» **WHAT TO PRODUCE**
The records below must be copied in full; omit the images.

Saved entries
[Start of Attachment]
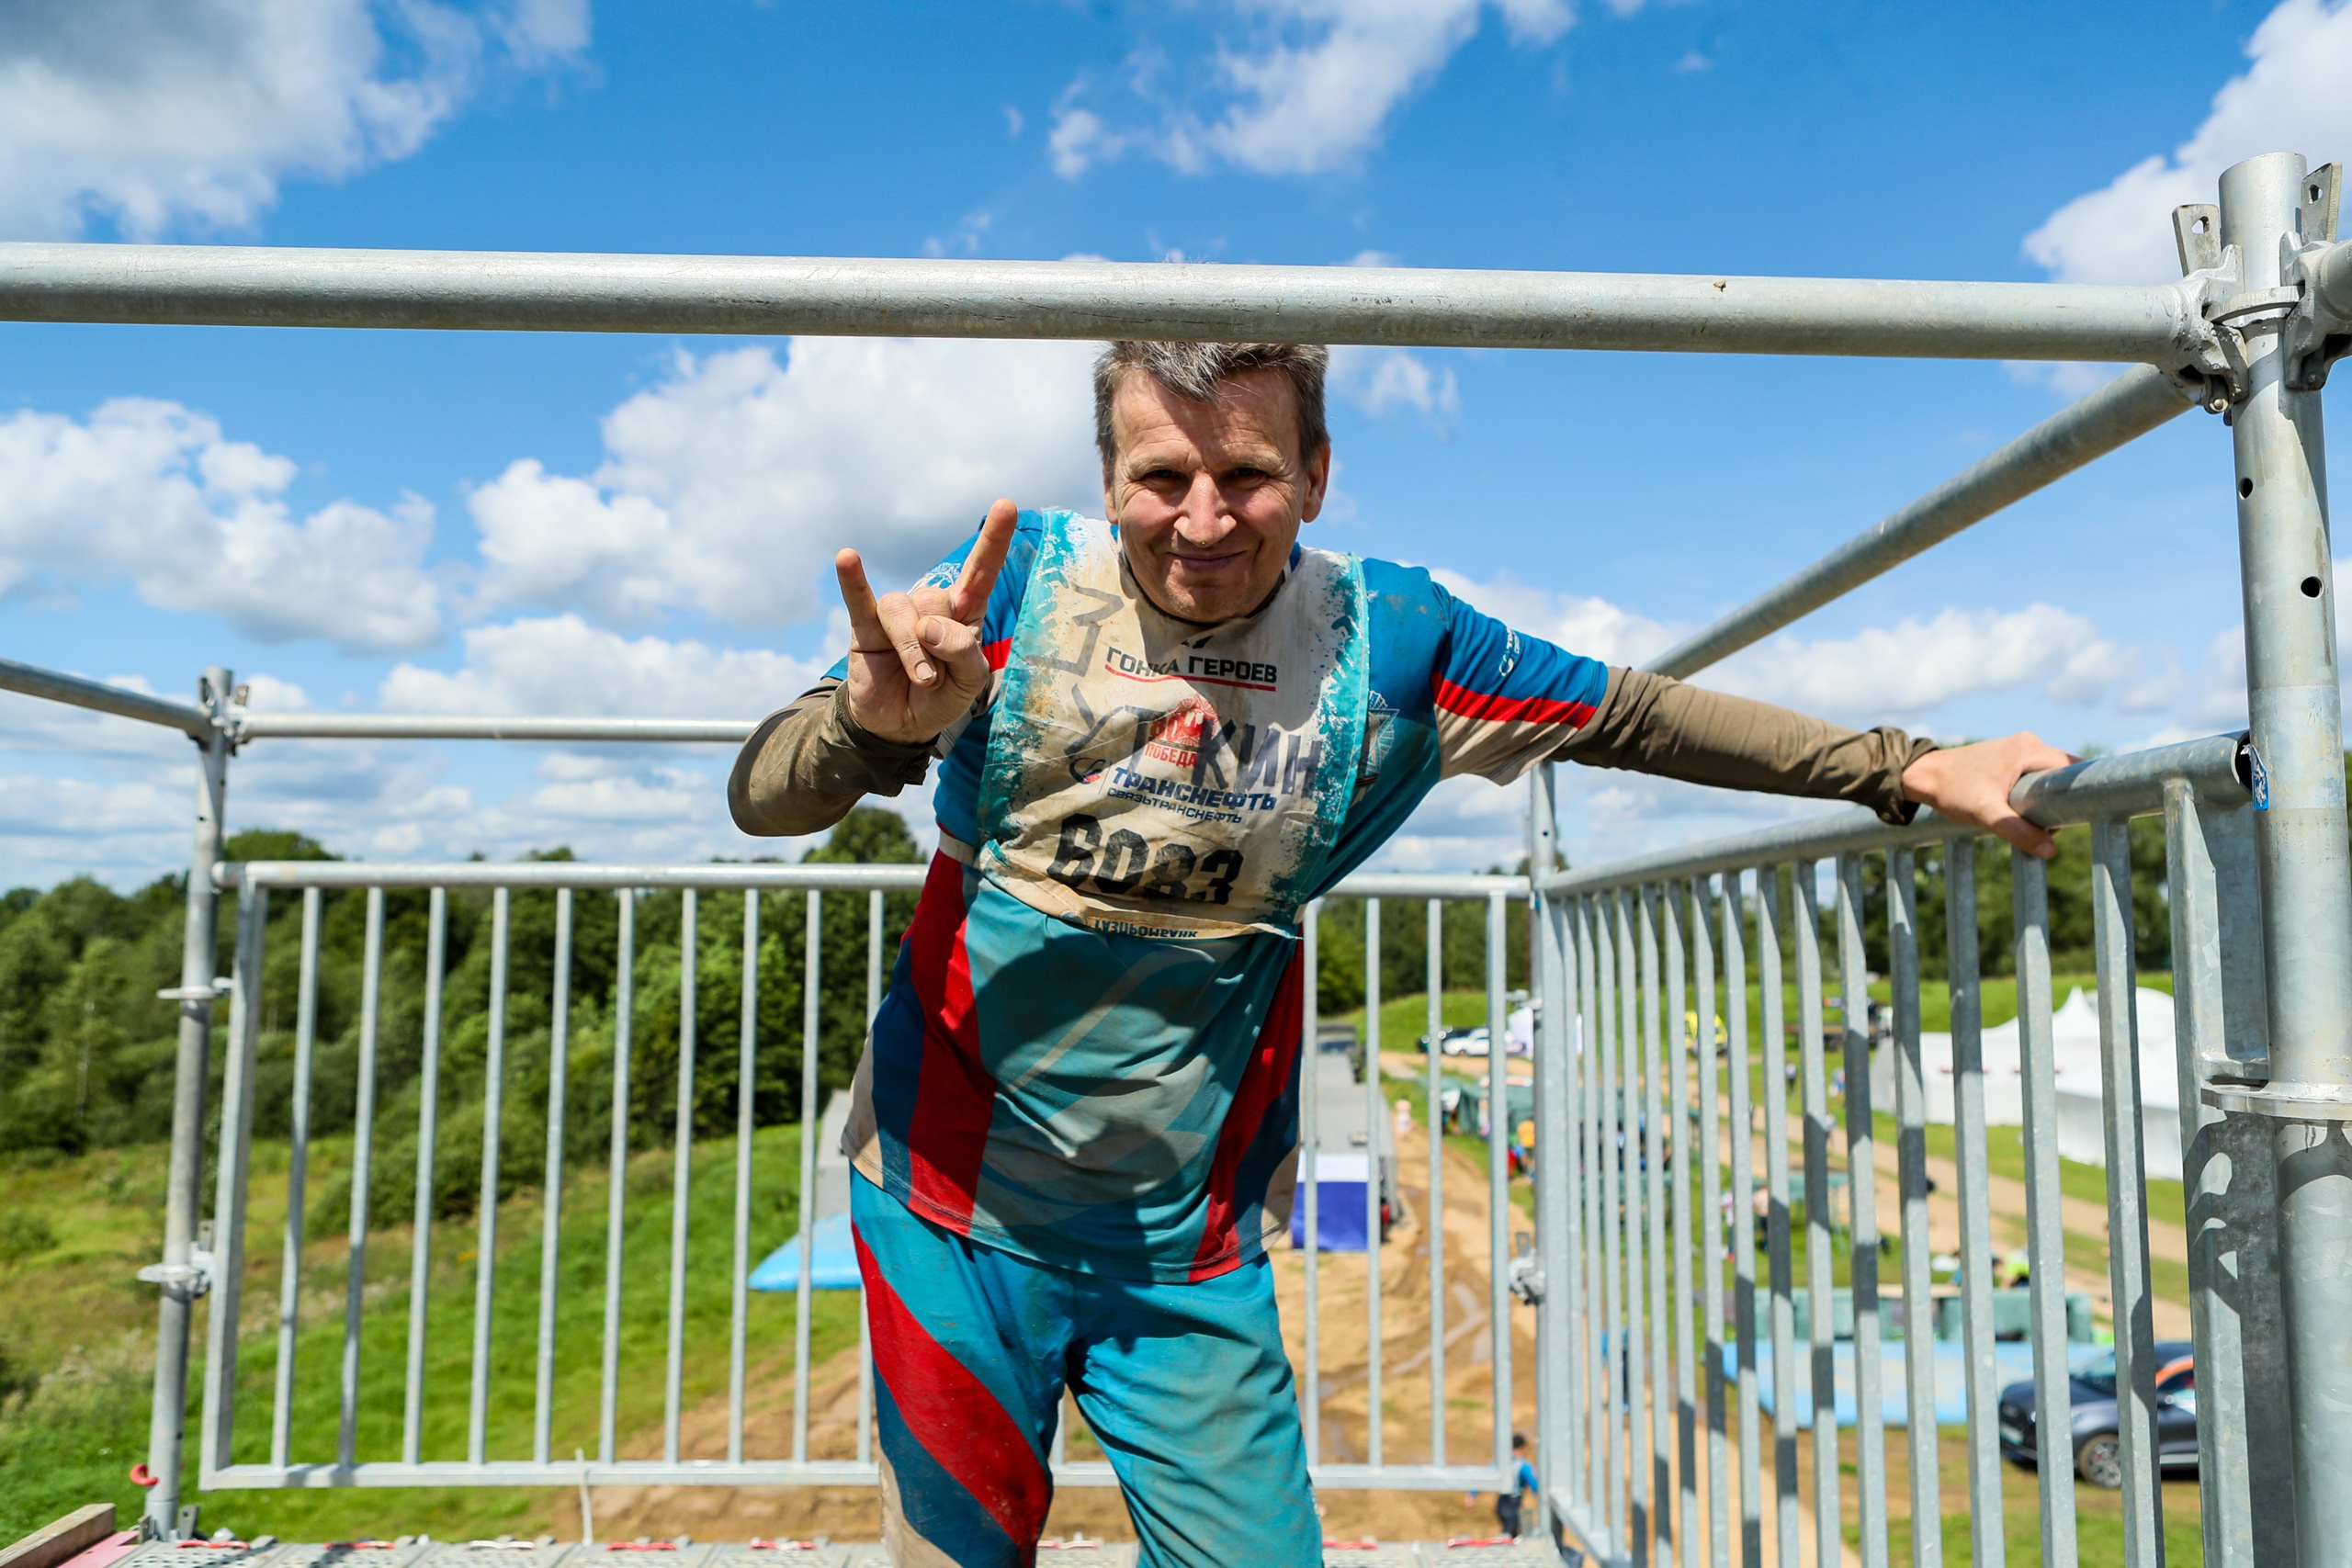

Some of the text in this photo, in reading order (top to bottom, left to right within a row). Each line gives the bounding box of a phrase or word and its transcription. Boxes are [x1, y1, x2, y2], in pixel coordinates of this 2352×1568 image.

[1106, 646, 1277, 683] ГОНКА ГЕРОЕВ
[1064, 682, 1323, 799] УТКИН
[1106, 787, 1242, 824] СВЯЗЬТРАНСНЕФТЬ
[1109, 766, 1278, 811] ТРАНСНЕФТЬ
[1046, 813, 1244, 905] 6083
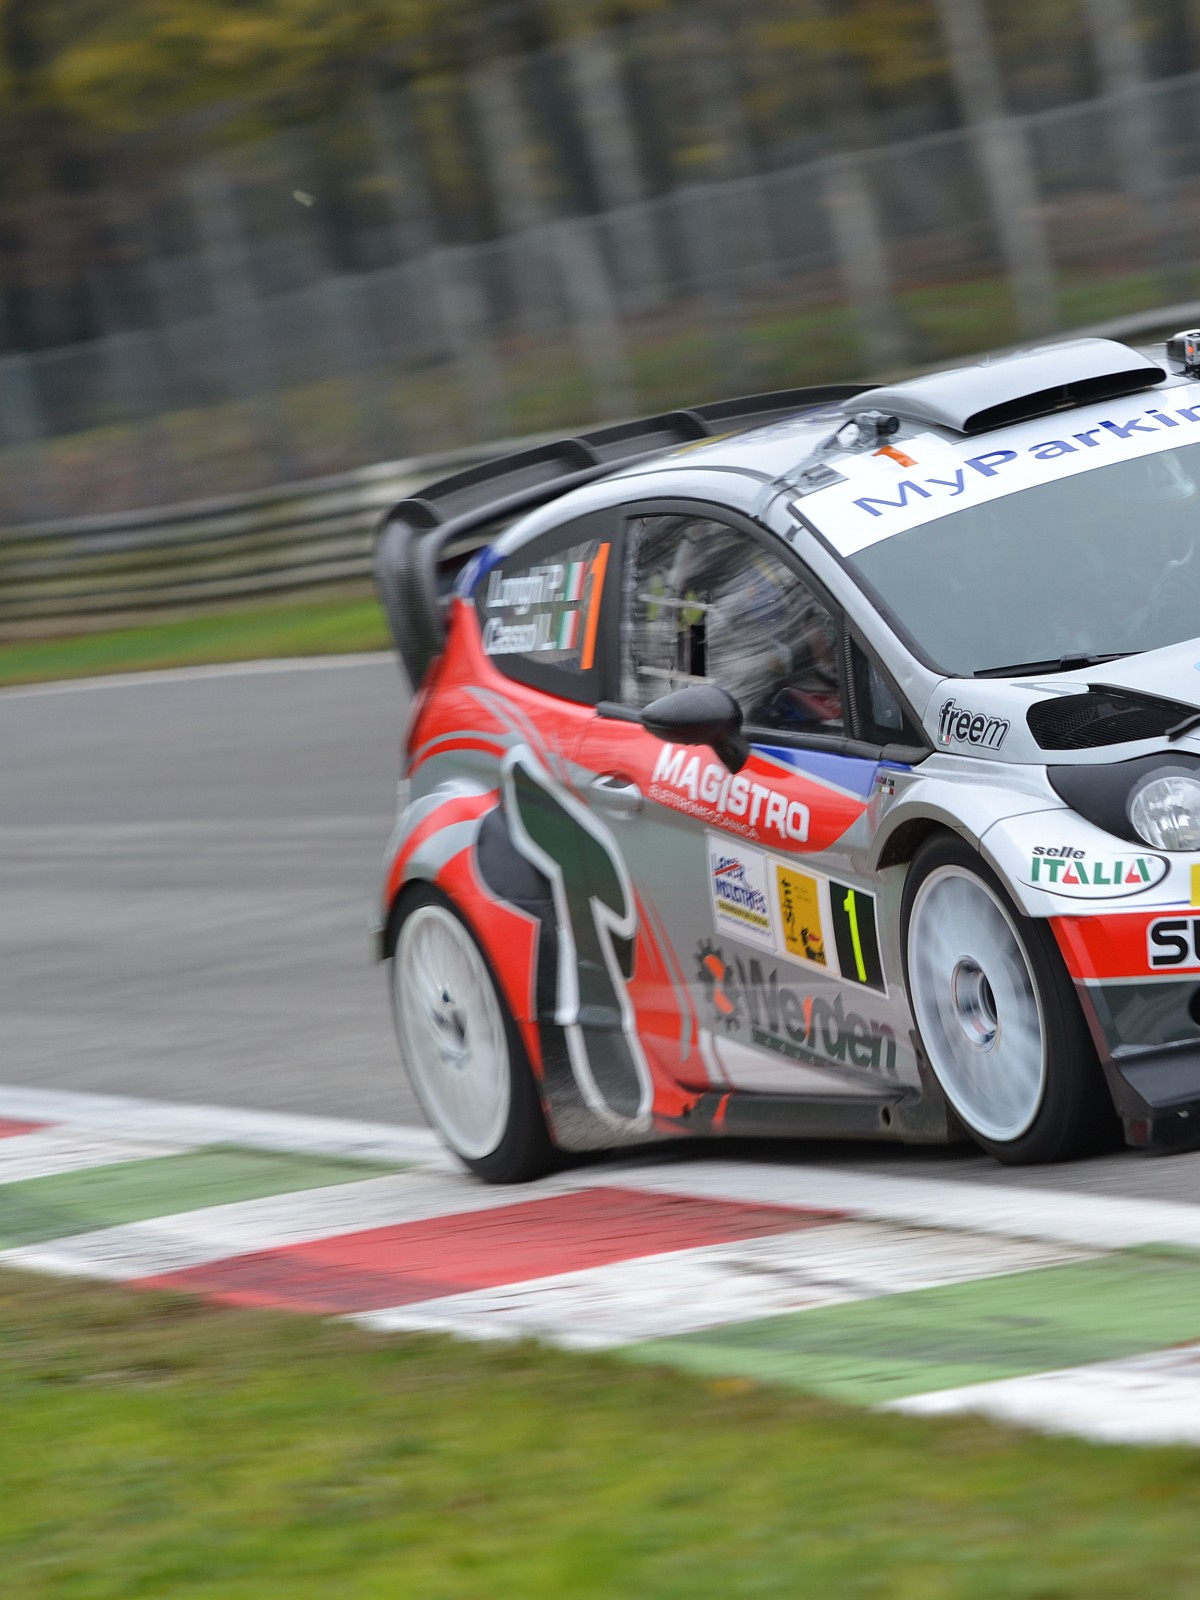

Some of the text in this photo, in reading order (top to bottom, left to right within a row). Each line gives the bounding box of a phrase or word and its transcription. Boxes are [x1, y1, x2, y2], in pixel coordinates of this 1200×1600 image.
[End of Attachment]
» **WRITTEN RESPONSE**
Some of the text in this photo, in reading order (top to bottom, left to right within a row). Each line gives the bounding box of a phrase or word and its transcription. Boxes are [x1, y1, x2, y2], in pixel coordinates of this 2352×1568 image.

[1106, 646, 1277, 683] ГОНКА ГЕРОЕВ
[1064, 682, 1323, 799] УТКИН
[1106, 787, 1242, 824] СВЯЗЬТРАНСНЕФТЬ
[1109, 766, 1278, 811] ТРАНСНЕФТЬ
[1046, 813, 1244, 905] 6083

Some of the text in this photo, in reading order (top to bottom, left to right within a row). Each line gives the bounding box of a phrase or word and its transcription. Boxes are [x1, y1, x2, y2], in pixel coordinates of this 1200×1600 image.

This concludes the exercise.